Researchers from the University of Nebraska-Lincoln have engineered an on/off replication switch in weakened HIV in the hopes of developing a highly effective and safe vaccine against the virus. The study, published in ACS Synthetic Biology, is the continuation of similar work done by the same team in 2014.

It is estimated that around 35 million people have died because of HIV in the last four decades and while treatment therapies are improving, neither a cure nor a vaccine have proven suitably effective or safe. A vaccine for the virus could use either deactivated or weakened HIV, with weakened viruses being preferable for generating stronger and longer-lasting immunity, but carrying more risk of infection.

Other teams have tried to synthesise vaccines in the past, with one in particular demonstrating the ability to immunise 95% of rhesus monkeys, but the question of safety has repeatedly halted progress. Most of these vaccines rely on removing genes from the virus that enable replication, thereby limiting HIV’s ability to proliferate and preventing an infection. However, the virus displays a very high mutation rate that has made it very difficult to circumvent, allowing the virus to overcome the engineered limitations and return to its usual replication rate.

This new study involves genetically modifying HIV to contain a ‘switch’ which allows the researchers to activate or deactivate replication of the virus. The concept relies on being able to produce sufficient levels of the virus to trigger an immune response, then halting replication completely so that the virus can be wiped out naturally. The team’s ability to reliably halt replication at will means that their technique may be the safest potential vaccine so far.

“Safety is always our biggest concern,” said Wei Niu, Ph.D., co-author of the paper and Associate Professor of Chemical and Biomolecular Engineering. “In this case, [it means] we’re one step closer to generating a vaccine.”

The study investigated a developed form of a previously engineered virus, created by the same team in 2014. In that study, they replaced three nucleotides that coded from a protein essential in virus replication, known as a sense codon, with a ‘nonsense’ codon that could not be transcribed by the viral transfer RNA (tRNA). The change meant that the functional protein could not be produced and so replication was halted. The team then engineered a synthetic, unique tRNA and an accompanying enzyme which could read the nonsense codon and, when supplied with a non-natural amino acid, could synthesise the protein once more and enable replication.

Their work was successful in that they could activate or deactivate replication of the virus as desired, but there were some drawbacks with their system.

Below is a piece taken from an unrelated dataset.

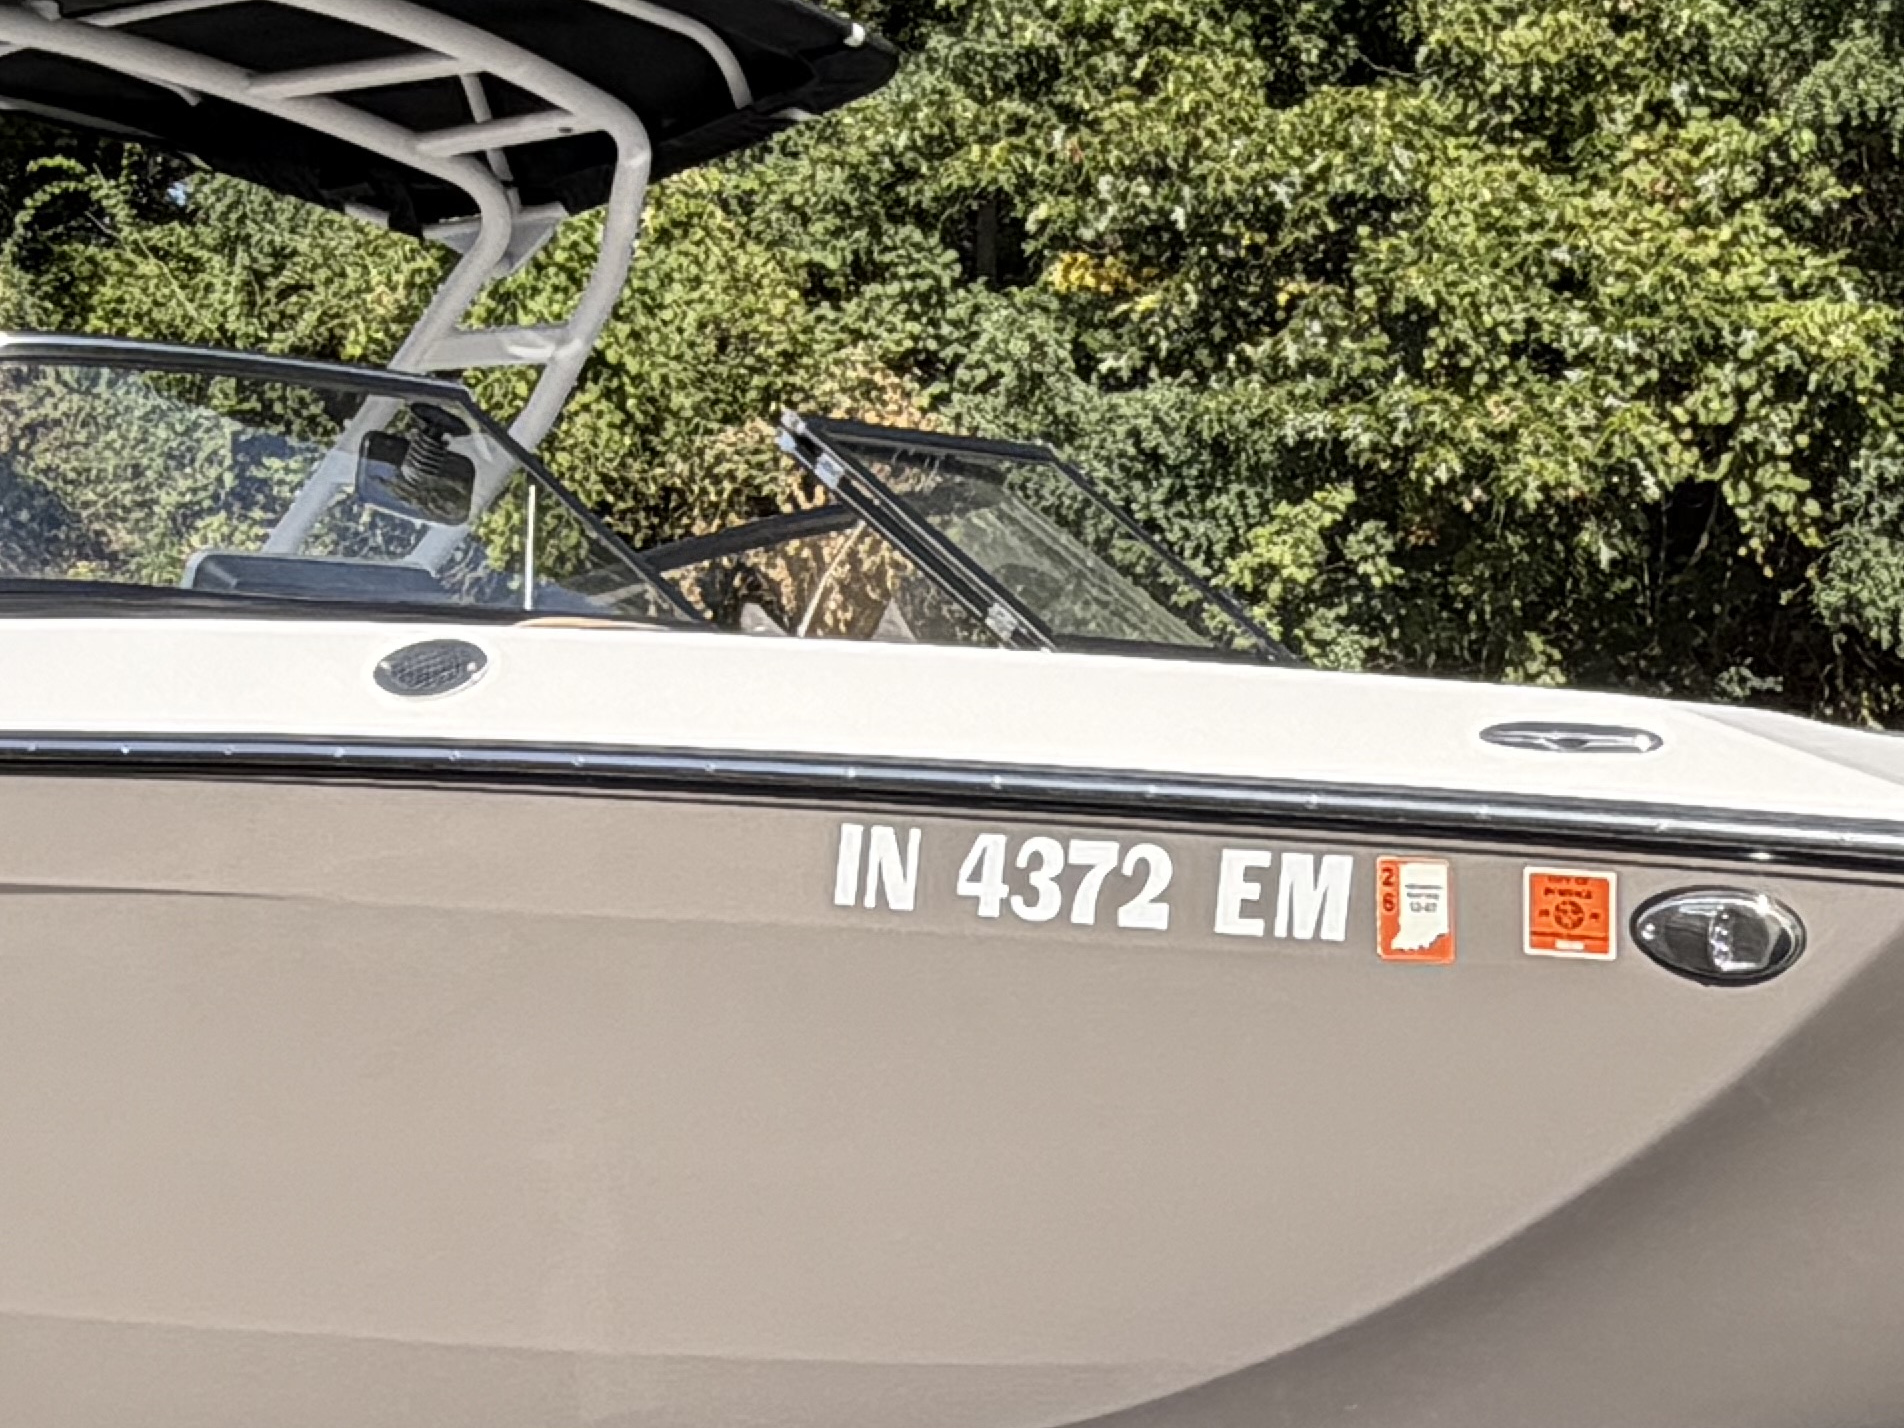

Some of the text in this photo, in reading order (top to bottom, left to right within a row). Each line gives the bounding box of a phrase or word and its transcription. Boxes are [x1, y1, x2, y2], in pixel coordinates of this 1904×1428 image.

[833, 822, 1354, 942] IN 4372 EM

The biggest problem was that they could only induce a single round of replication before it stopped, meaning that the levels of the virus were insufficient to trigger the immune system.

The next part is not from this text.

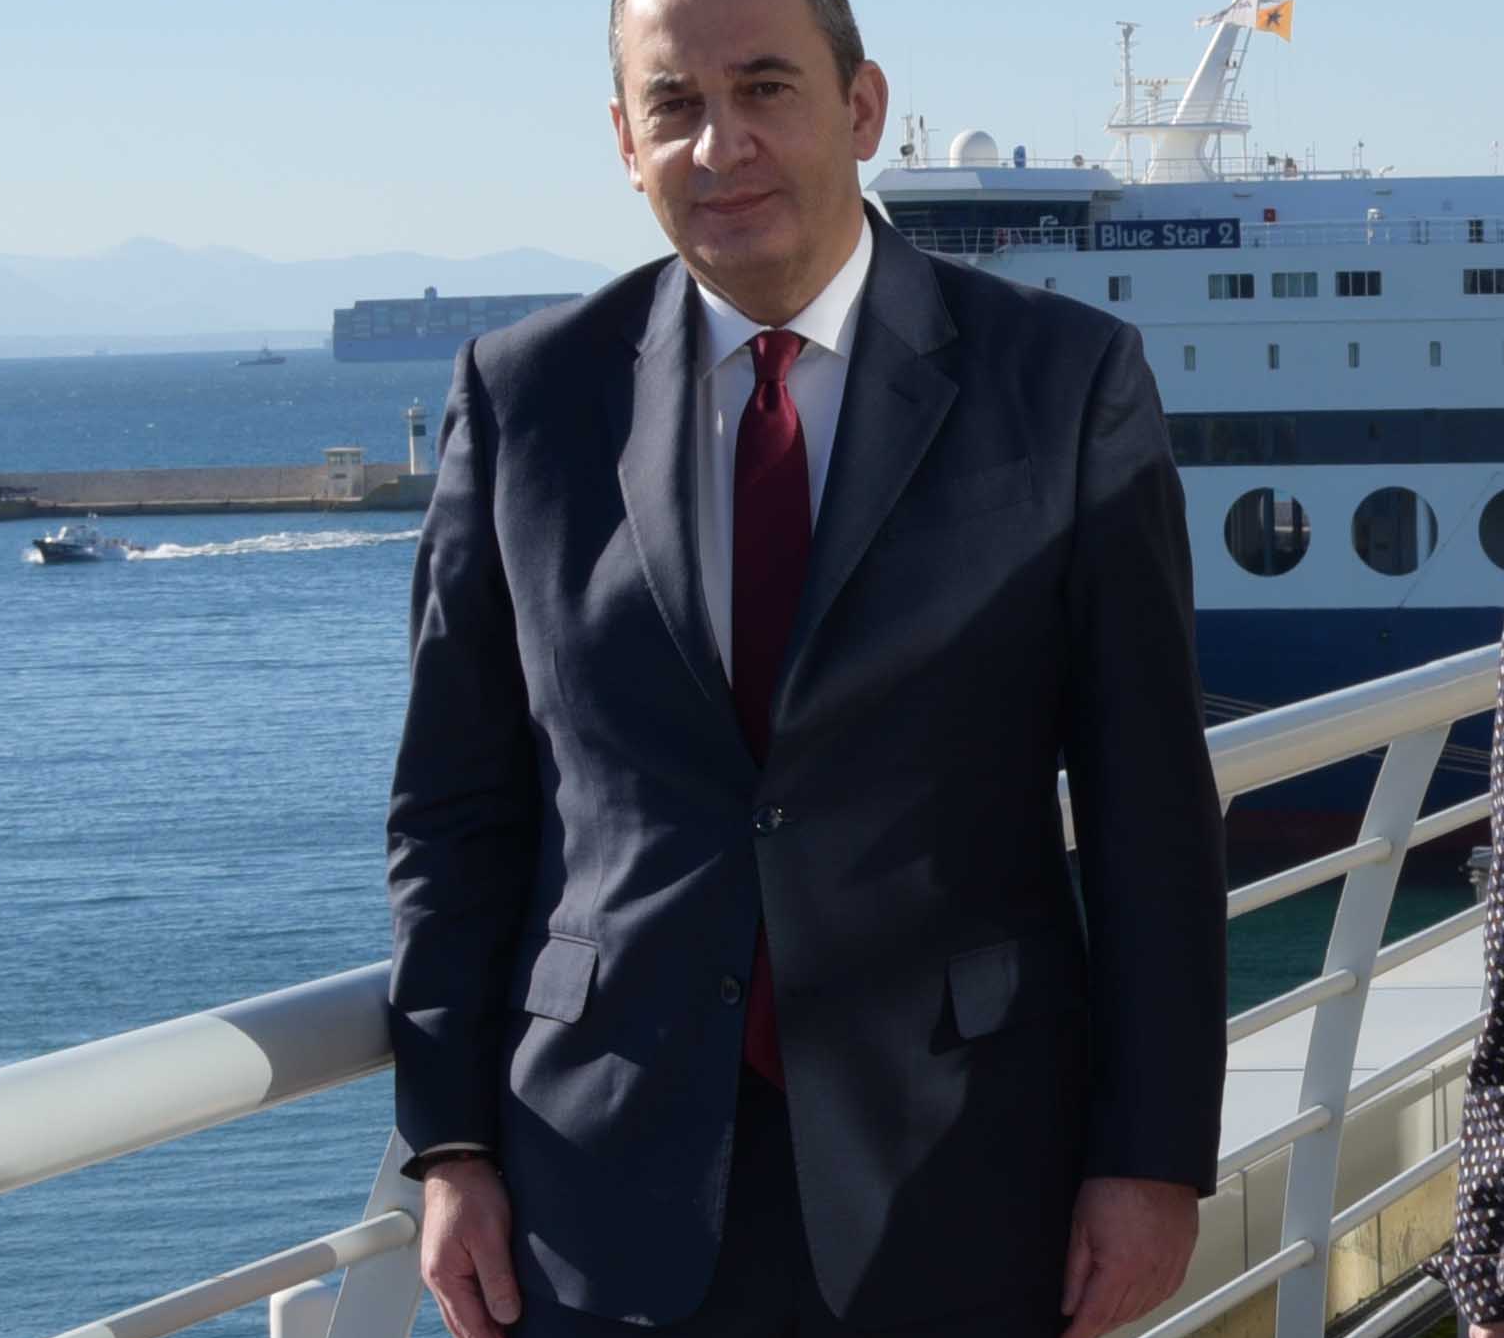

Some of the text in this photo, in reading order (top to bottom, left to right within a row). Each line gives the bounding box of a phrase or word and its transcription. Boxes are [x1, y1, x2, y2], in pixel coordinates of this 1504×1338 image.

[1101, 222, 1234, 247] Blue Star 2
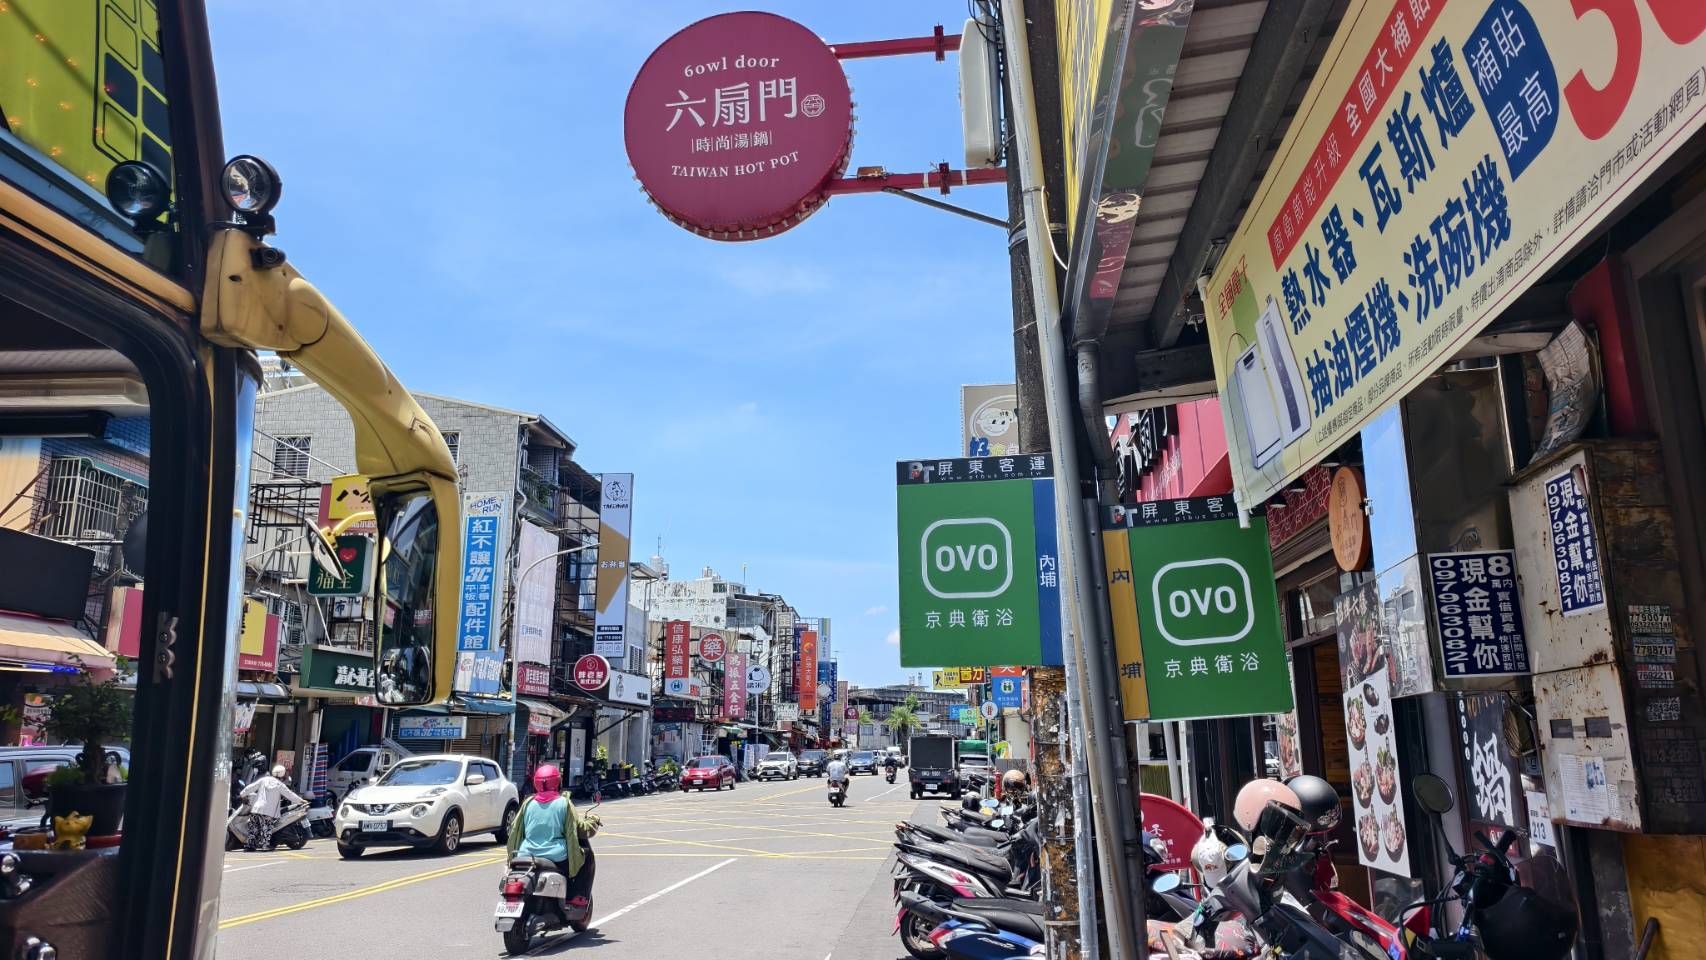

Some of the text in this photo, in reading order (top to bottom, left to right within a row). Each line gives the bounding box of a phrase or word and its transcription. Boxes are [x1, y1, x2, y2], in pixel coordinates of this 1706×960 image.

The new study tried to fix this problem. The team adapted their genetic mutation so that they could embed the switch into the HIV genome. This meant that the change was present in all copies of the virus and when the synthetic amino acid was supplied, the virus could undergo multiple replication cycles while maintaining the mutation.

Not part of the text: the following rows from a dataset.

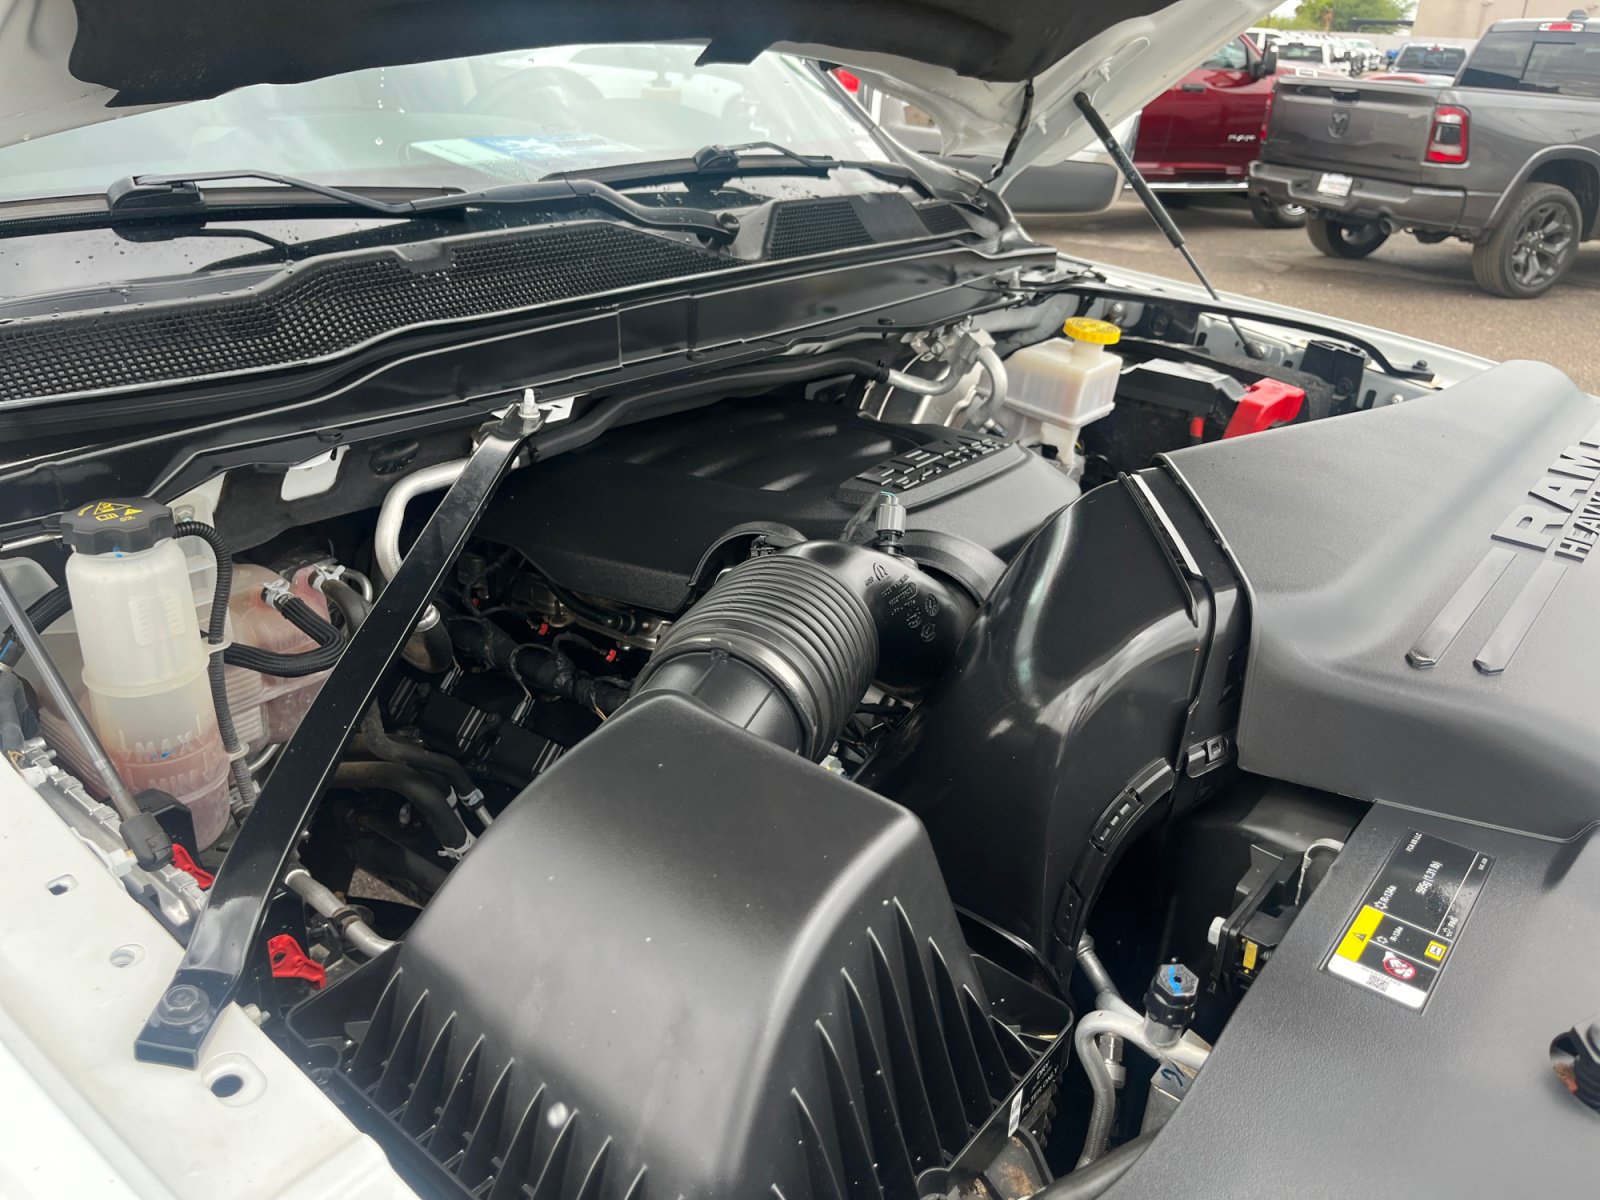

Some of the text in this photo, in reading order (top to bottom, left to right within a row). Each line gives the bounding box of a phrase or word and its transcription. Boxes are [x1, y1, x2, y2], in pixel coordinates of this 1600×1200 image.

[856, 435, 992, 486] HEMI
[1491, 445, 1600, 552] RAM
[135, 730, 193, 764] MAX
[149, 769, 200, 797] MIN
[1380, 885, 1397, 904] R-134a
[1036, 1060, 1050, 1080] DRY
[1042, 1065, 1059, 1088] ONLY

“The machinery can be carried to the next cycle and the next cycle,” said Zhe Yuan, lead author and Doctoral student in Biological Sciences. “It’s much easier to control feeding or [restriction] of the unnatural amino acid.”

The results were very promising and may be the first steps in developing a functional, safe vaccine for HIV, but there is more work that needs to be done. The team hope to be able to move their research from cell lines in petri dishes to small animal trials over the course of the next year, as well as investigating the effect of adding more nonsense codons to further reduce the likelihood of corrective mutations occurring.

“That’s the big milestone,” said Qingsheng Li, Ph.D., Professor of Biological Sciences and Member of the Nebraska Centre for Virology. “If that works well, we need to go to the pre-clinical animal model before going to a clinical trial. That’s our goal and road map.”